Terminology and ethical issues

The most important aspect is that, at least for the time being, neuroaugmentation is not a medical procedure in itself. Notwithstanding, it often employs methods that are used for therapeutic purposes within several medical specialties, it is sometimes carried out under guidance by medical personnel and it makes use of data that have been obtained during medical studies or research. The concept appeals to neurological and psychiatric healthy persons and it aims to enable the reaching of one’s full potential. In doing so, it elevates (cognitive and emotional) individual neuropsychological performances, on both the quantitative and qualitative levels (the latter implying self-control and personal skills). The approach is similar to the one encountered in sports medicine in the case of high performance athletes. Other examples are the military (special troops, parachuters, supersonic pilots, astronauts, divers, submarinisti, undercover agents) and extreme sportsmen (mountain climbers, arctic explorers, parachuters, deep divers, spelaeologists etc.). What all these examples have in common is the employment of medical knowledge in order to reach one’s maximum biological threshold while observing safety precautions and with the full consent and cooperation of the individual, thus making it possible to set personal or collective records (“above the typical capacities of the specie”). As in the case of high performance sport, neuroaugmentation also comprises a soft and non-invasive optimization phase, on the one hand, which is fulfilled through personalized trainings and manipulation of environmental factors as well as an augmentation phase, on the other hand, which may involve invasive and potentially risky methods, that might be referred to as doping. The experimental phase may be considered separately due to the novelty of the concept and the lack of extended and complex studies in the field1.
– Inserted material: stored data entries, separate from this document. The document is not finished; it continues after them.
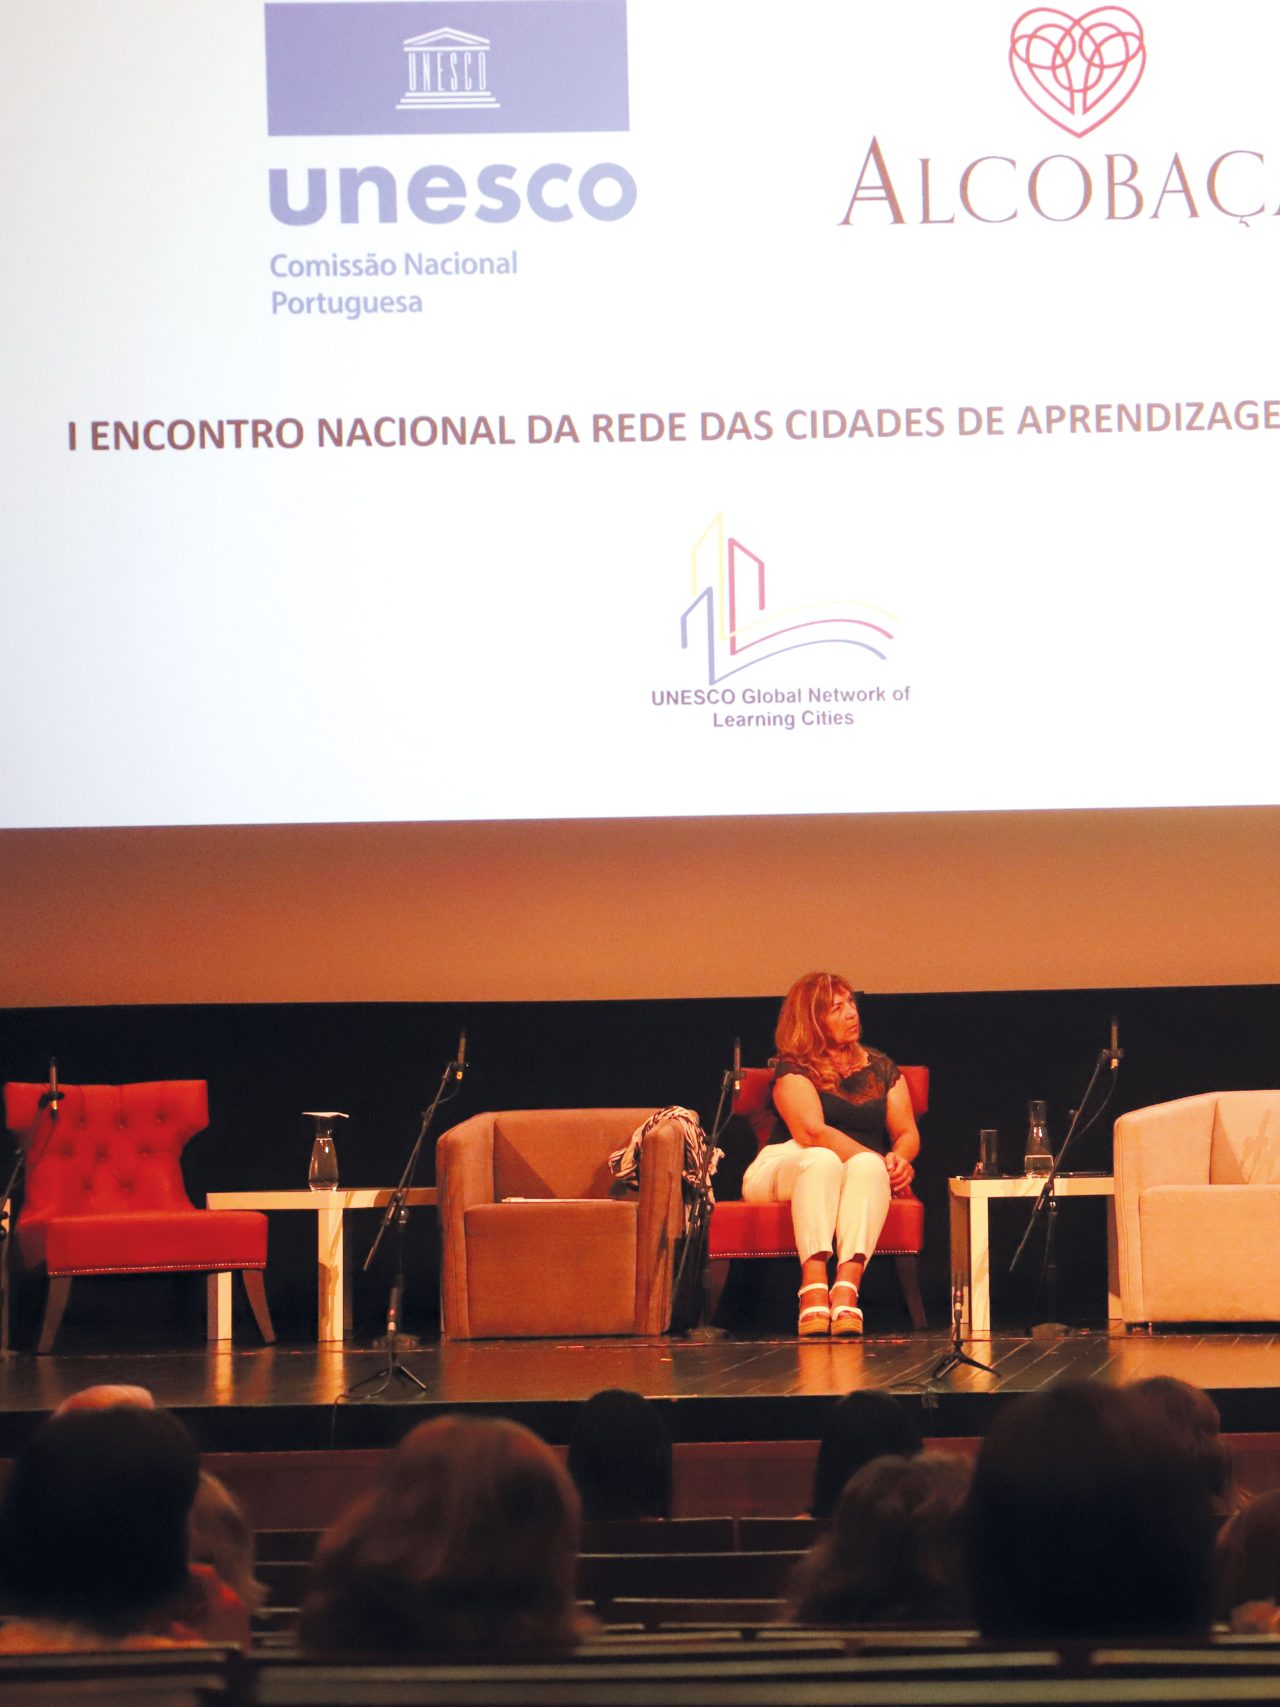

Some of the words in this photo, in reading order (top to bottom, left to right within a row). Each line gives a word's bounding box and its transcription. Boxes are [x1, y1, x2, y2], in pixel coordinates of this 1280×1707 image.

[408, 51, 487, 92] UNESCO
[269, 162, 638, 227] unesco
[269, 252, 397, 278] Comissão
[404, 250, 518, 276] Nacional
[271, 290, 423, 321] Portuguesa
[67, 420, 77, 452] I
[90, 417, 305, 452] ENCONTRO
[317, 415, 516, 448] NACIONAL
[527, 414, 580, 444] DA
[592, 412, 687, 443] REDE
[700, 410, 774, 441] DAS
[785, 406, 945, 440] CIDADES
[958, 406, 1004, 436] DE
[651, 689, 736, 706] UNESCO
[741, 687, 802, 705] Global
[808, 686, 886, 703] Network
[892, 685, 911, 702] of
[712, 711, 796, 730] Learning
[801, 709, 855, 726] Cities
A controversial aspect of the neuroaugmentation concept is dealing with ethical issues that arise from the potential high-scale or highly effective application of the procedure. The idea of neuroaugmentation itself leads to controversy when questioning the reasons of its potential developers and users, the public opinion and perception, as well as its methods and consequences. Debates on the subject have covered various topics which highlighted a series of challenges – from which we are mentioning but a few – following rapid development of research into improving human performance and convergence of strategic and top technologies (such as bio, nano and artificial intelligence).
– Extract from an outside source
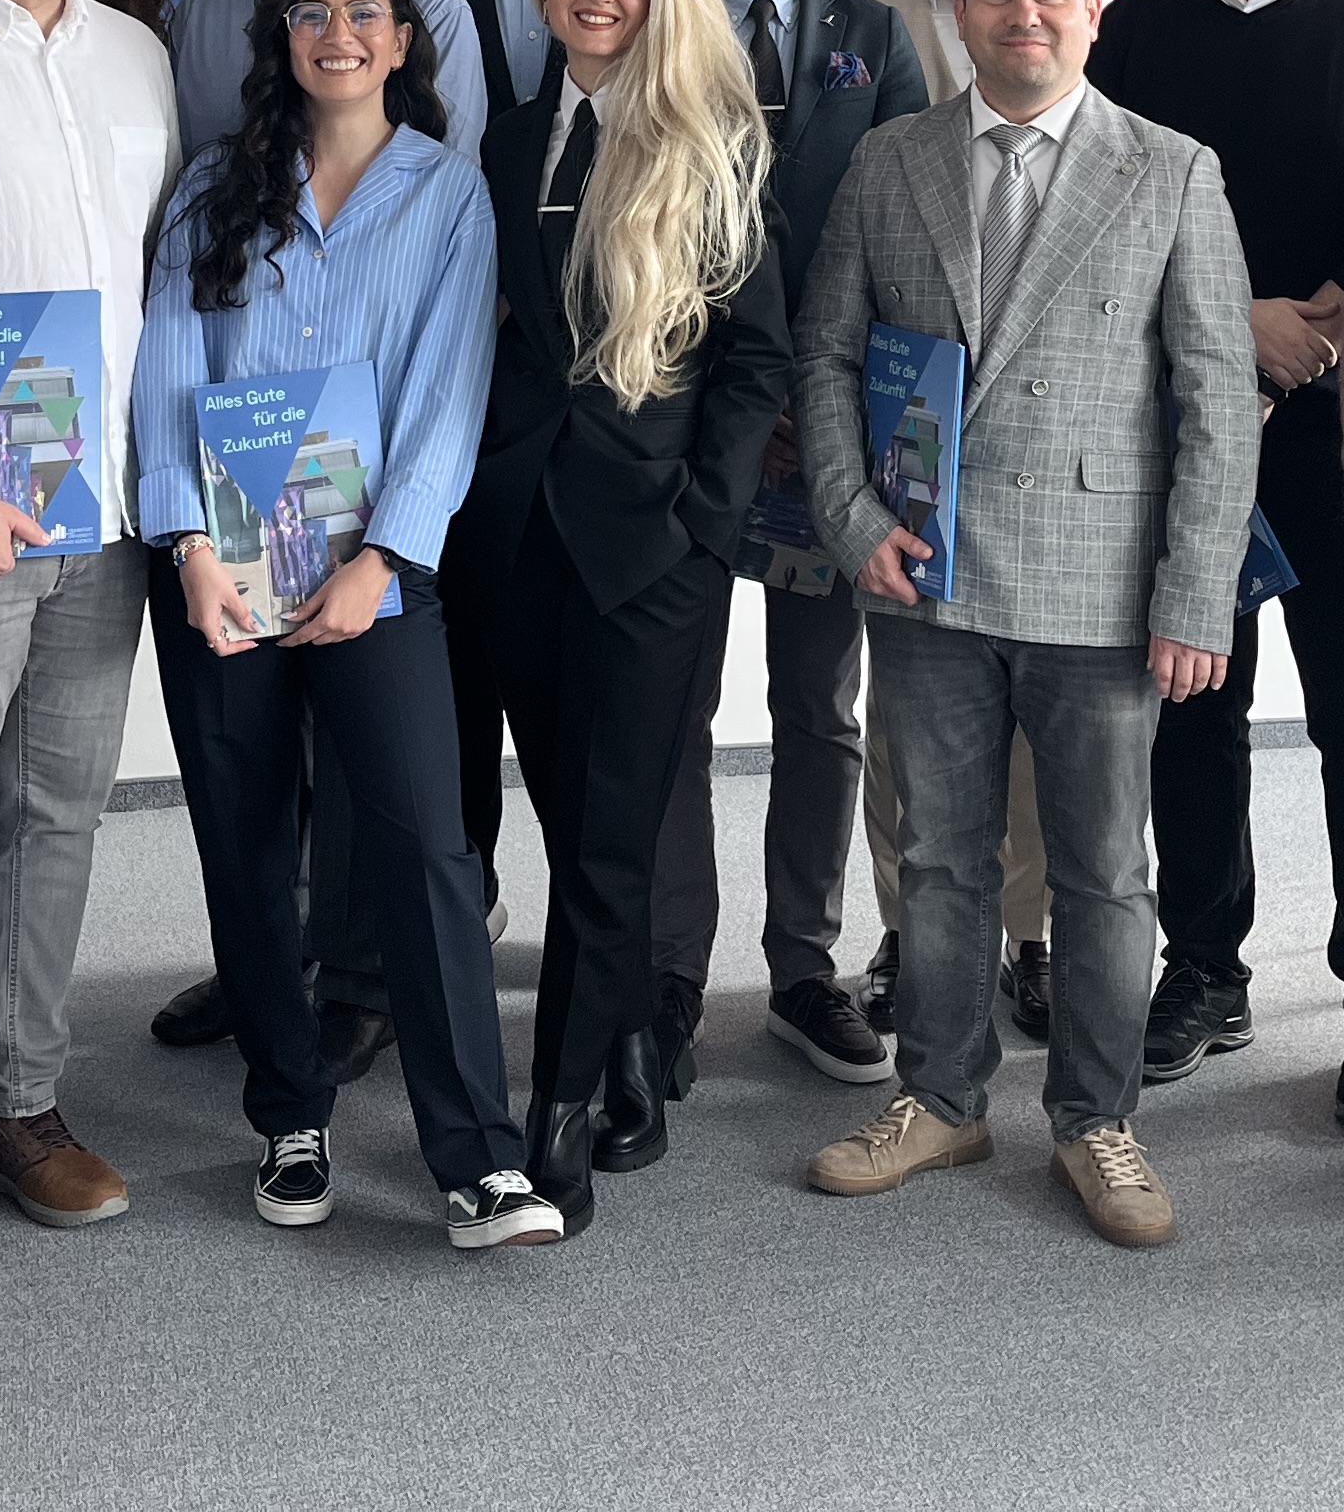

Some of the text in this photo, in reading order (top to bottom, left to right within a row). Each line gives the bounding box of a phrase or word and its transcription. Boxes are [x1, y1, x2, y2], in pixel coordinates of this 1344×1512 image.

A first point of interest deals with the types of national or international institutions which will regulate and influence the technologies that are aimed at improving human performance. Equally important are concerns regarding the legal approaches and the political control that will be responsible for the design of such evolutions2. By contrast to other similar practices (e.g. doping in sport), neuroaugmentation is not recognized and regulated by an international treaty. As a result, some voices in the research field are claiming that all five courses of action in relation to neuroaugmentation (which range from a laissez-faire approach to having it encouraged, enforced as obligatory, allowed or banned altogether) are potentially relevant.
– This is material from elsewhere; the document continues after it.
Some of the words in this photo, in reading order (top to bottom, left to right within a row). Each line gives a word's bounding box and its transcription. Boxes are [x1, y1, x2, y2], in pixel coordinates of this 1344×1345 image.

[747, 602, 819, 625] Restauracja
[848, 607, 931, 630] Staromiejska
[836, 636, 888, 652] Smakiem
A second point of interest is that it is highly difficult to carry out complex studies on neuroaugmentation by subjecting otherwise healthy persons to potentially detrimental procedures3. As such, publishing of articles on the subject in top scientific journals is correspondingly challenging, due to the ambivalent status and a lack of a general consensus on the research topic as well as to the absence of specialized institutional authorities in the field. At present, the majority of authors are of the opinion that regulations should be issued by state authorities but also incorporated into international guidelines due to their potential social, medical and security implications – according to Robert Dingwall, “the state has the obligation to ensure that the existing inequalities are not further aggravated and that even more harm will not be produced by validation of inefficient, useless or dangerous technologies4.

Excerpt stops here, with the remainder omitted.